=== Section Start ===

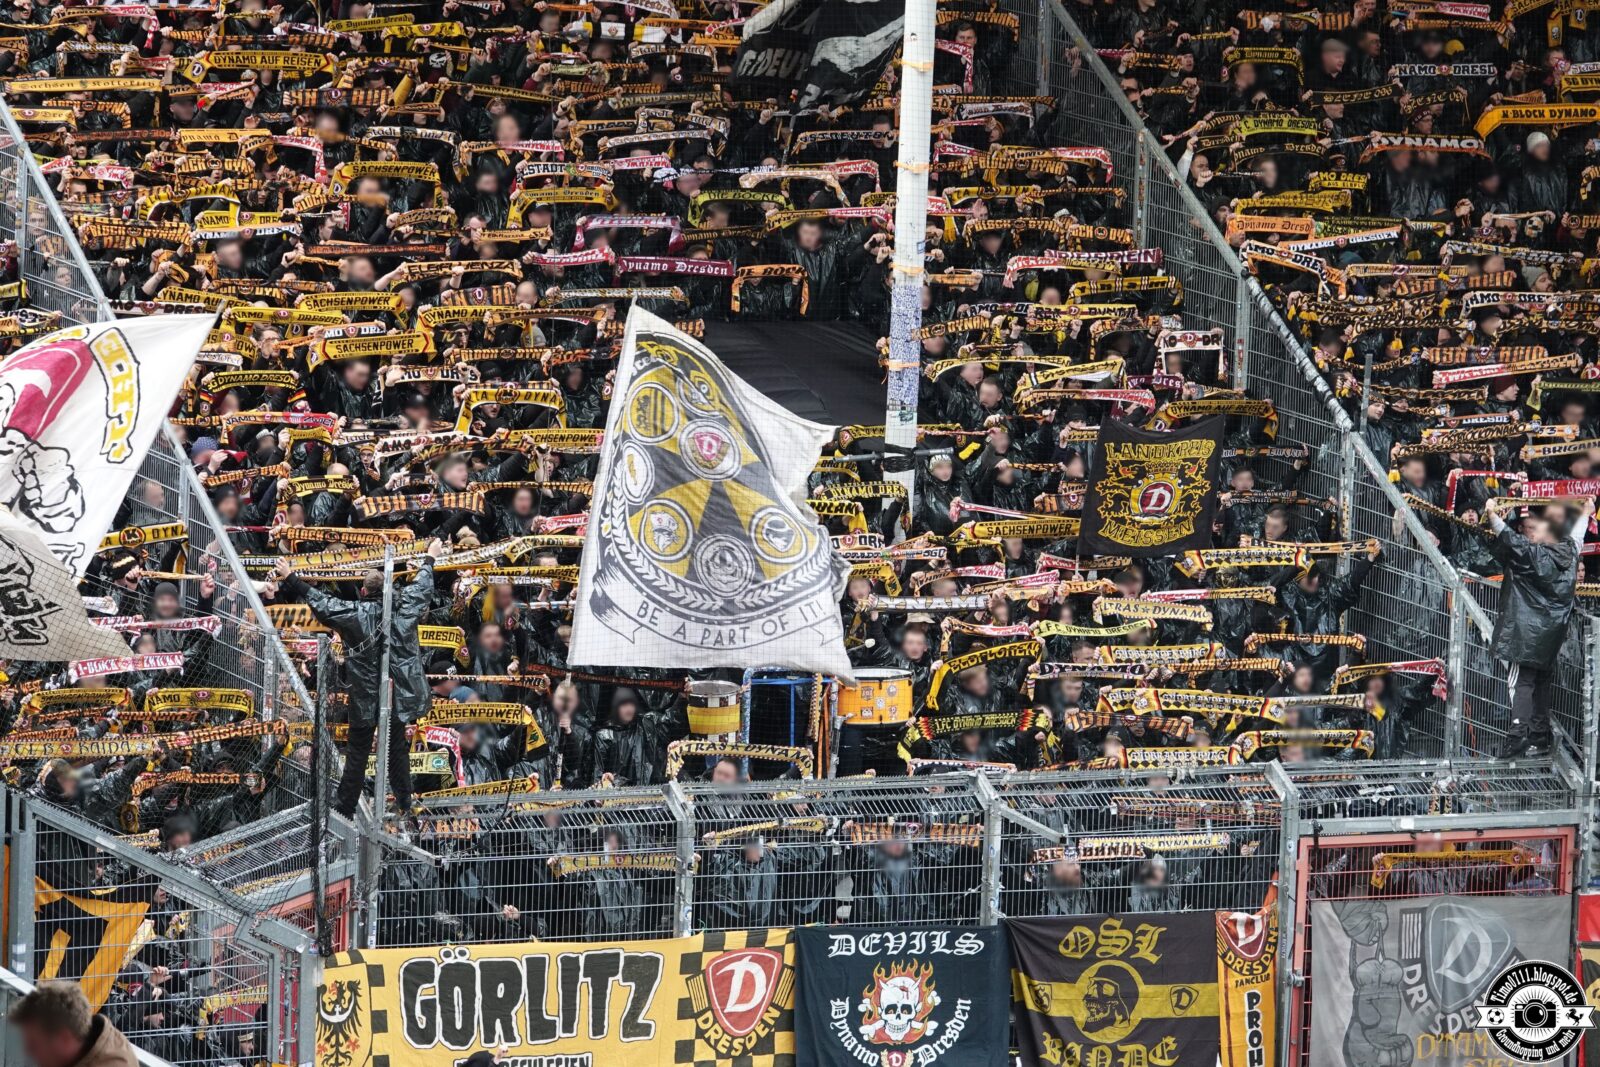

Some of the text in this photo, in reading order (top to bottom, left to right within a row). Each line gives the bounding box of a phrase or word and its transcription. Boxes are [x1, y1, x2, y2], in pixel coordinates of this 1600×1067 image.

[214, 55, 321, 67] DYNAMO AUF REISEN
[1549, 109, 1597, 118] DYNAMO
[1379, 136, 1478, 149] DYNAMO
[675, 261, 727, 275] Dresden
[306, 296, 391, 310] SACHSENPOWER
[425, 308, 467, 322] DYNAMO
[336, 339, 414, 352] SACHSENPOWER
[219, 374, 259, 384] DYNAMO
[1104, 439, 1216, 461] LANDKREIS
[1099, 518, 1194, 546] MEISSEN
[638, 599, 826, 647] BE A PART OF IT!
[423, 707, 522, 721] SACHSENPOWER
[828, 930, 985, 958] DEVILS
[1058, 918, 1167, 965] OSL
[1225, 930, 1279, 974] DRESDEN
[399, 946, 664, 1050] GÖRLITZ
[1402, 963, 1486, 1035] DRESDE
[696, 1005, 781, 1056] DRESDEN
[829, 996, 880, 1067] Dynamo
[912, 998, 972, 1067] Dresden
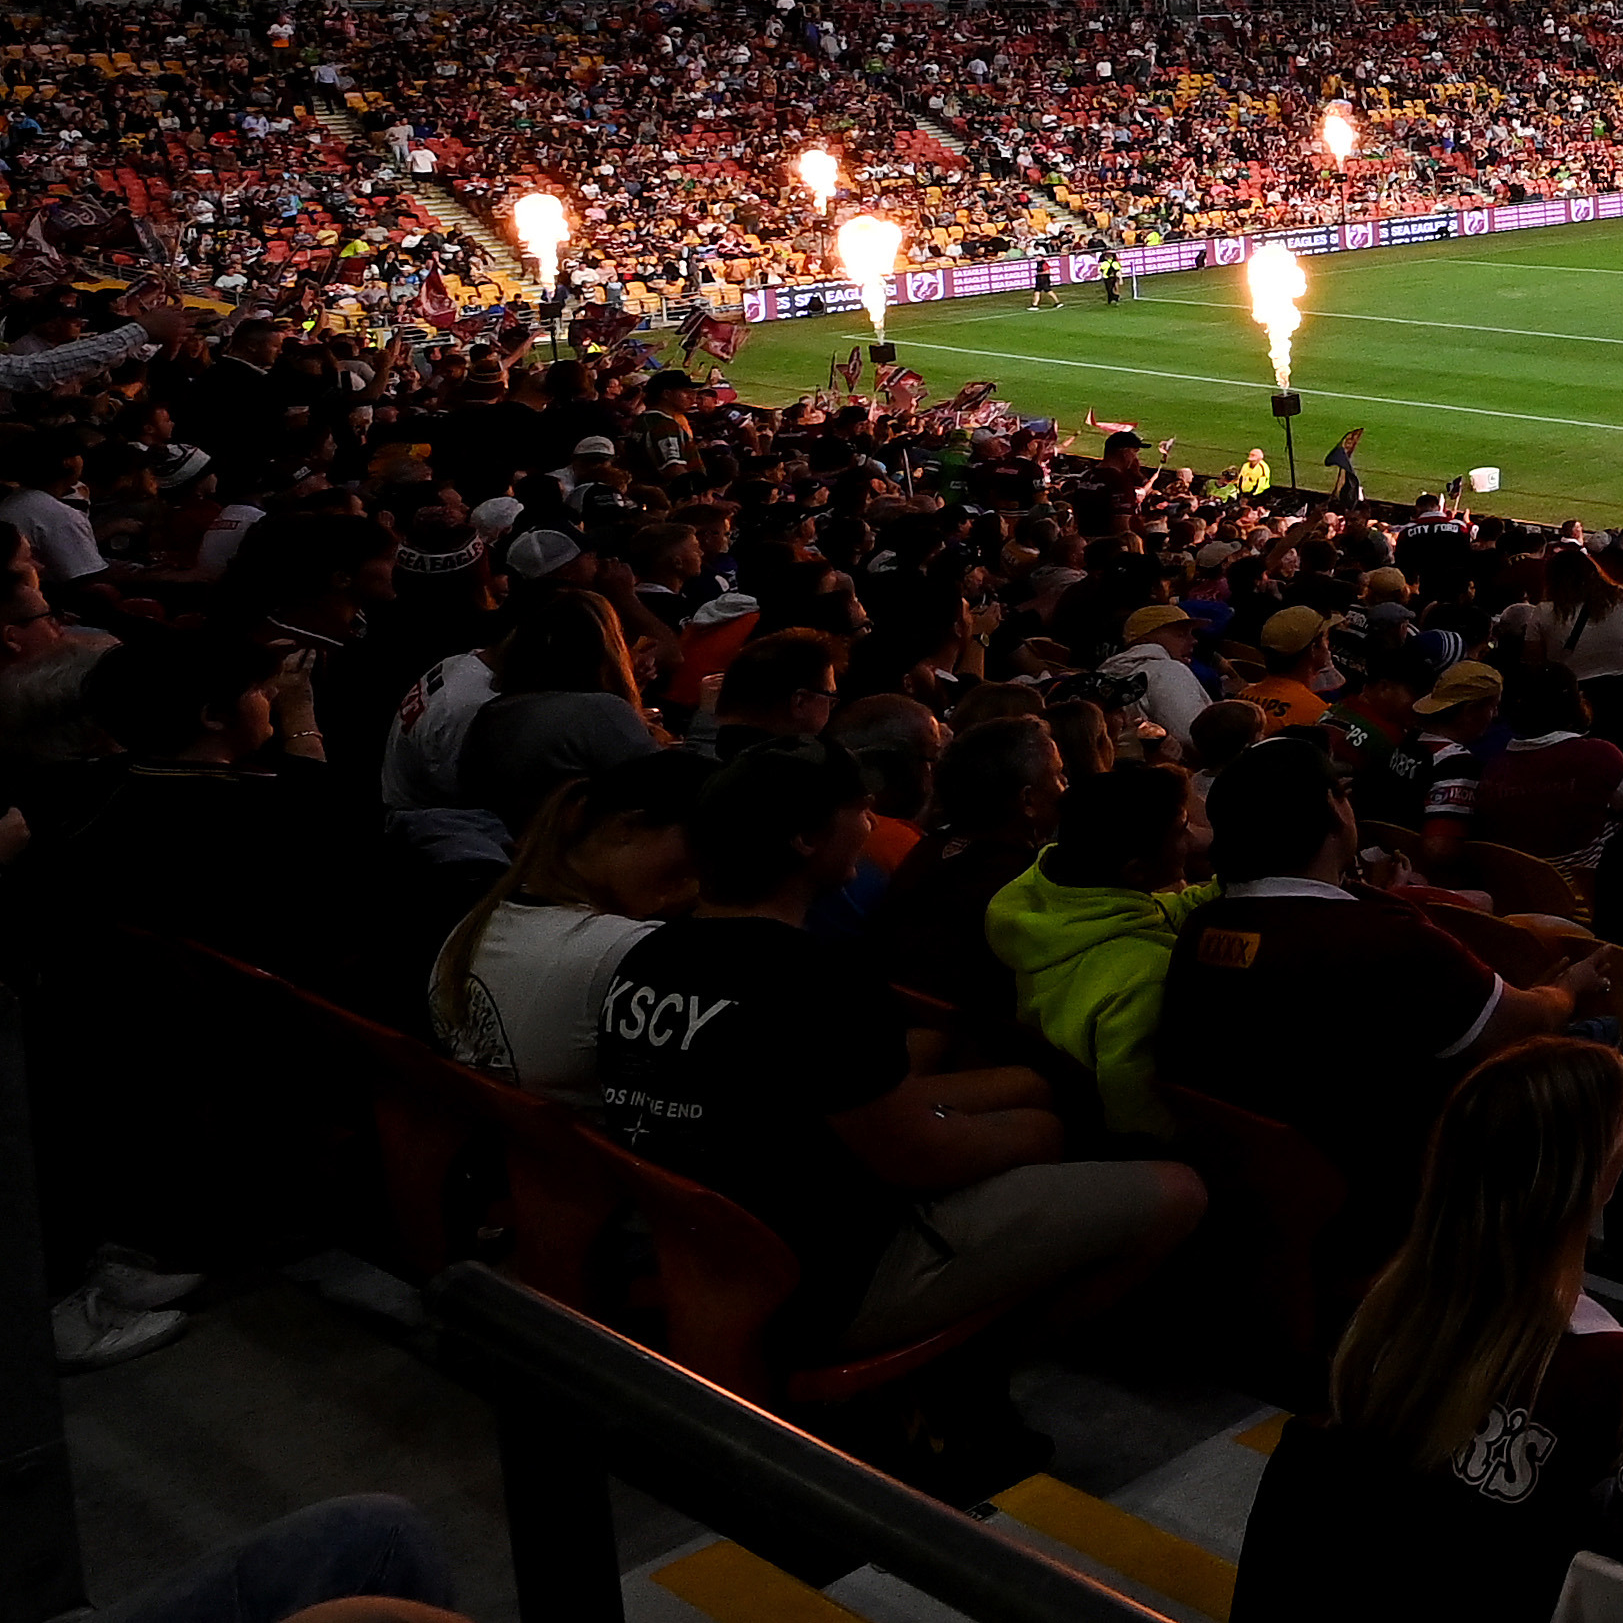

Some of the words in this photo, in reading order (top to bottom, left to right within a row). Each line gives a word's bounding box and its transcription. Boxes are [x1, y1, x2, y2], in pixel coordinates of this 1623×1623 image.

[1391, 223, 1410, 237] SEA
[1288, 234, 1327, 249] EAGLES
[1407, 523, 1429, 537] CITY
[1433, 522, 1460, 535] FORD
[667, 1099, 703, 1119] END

=== Section End ===

### Exercise objective
Images aside, return each entry above precisely as it stands.

### Output
Some of the text in this photo, in reading order (top to bottom, left to right within a row). Each line gives the bounding box of a phrase or word and its transcription. Boxes are [x1, y1, x2, y2], in pixel coordinates of this 1600×1067 image.

[214, 55, 321, 67] DYNAMO AUF REISEN
[1549, 109, 1597, 118] DYNAMO
[1379, 136, 1478, 149] DYNAMO
[675, 261, 727, 275] Dresden
[306, 296, 391, 310] SACHSENPOWER
[425, 308, 467, 322] DYNAMO
[336, 339, 414, 352] SACHSENPOWER
[219, 374, 259, 384] DYNAMO
[1104, 439, 1216, 461] LANDKREIS
[1099, 518, 1194, 546] MEISSEN
[638, 599, 826, 647] BE A PART OF IT!
[423, 707, 522, 721] SACHSENPOWER
[828, 930, 985, 958] DEVILS
[1058, 918, 1167, 965] OSL
[1225, 930, 1279, 974] DRESDEN
[399, 946, 664, 1050] GÖRLITZ
[1402, 963, 1486, 1035] DRESDE
[696, 1005, 781, 1056] DRESDEN
[829, 996, 880, 1067] Dynamo
[912, 998, 972, 1067] Dresden

Some of the words in this photo, in reading order (top to bottom, left to right within a row). Each line gives a word's bounding box and its transcription. Boxes are [x1, y1, x2, y2], in pixel coordinates of this 1623×1623 image.

[1391, 223, 1410, 237] SEA
[1288, 234, 1327, 249] EAGLES
[1407, 523, 1429, 537] CITY
[1433, 522, 1460, 535] FORD
[667, 1099, 703, 1119] END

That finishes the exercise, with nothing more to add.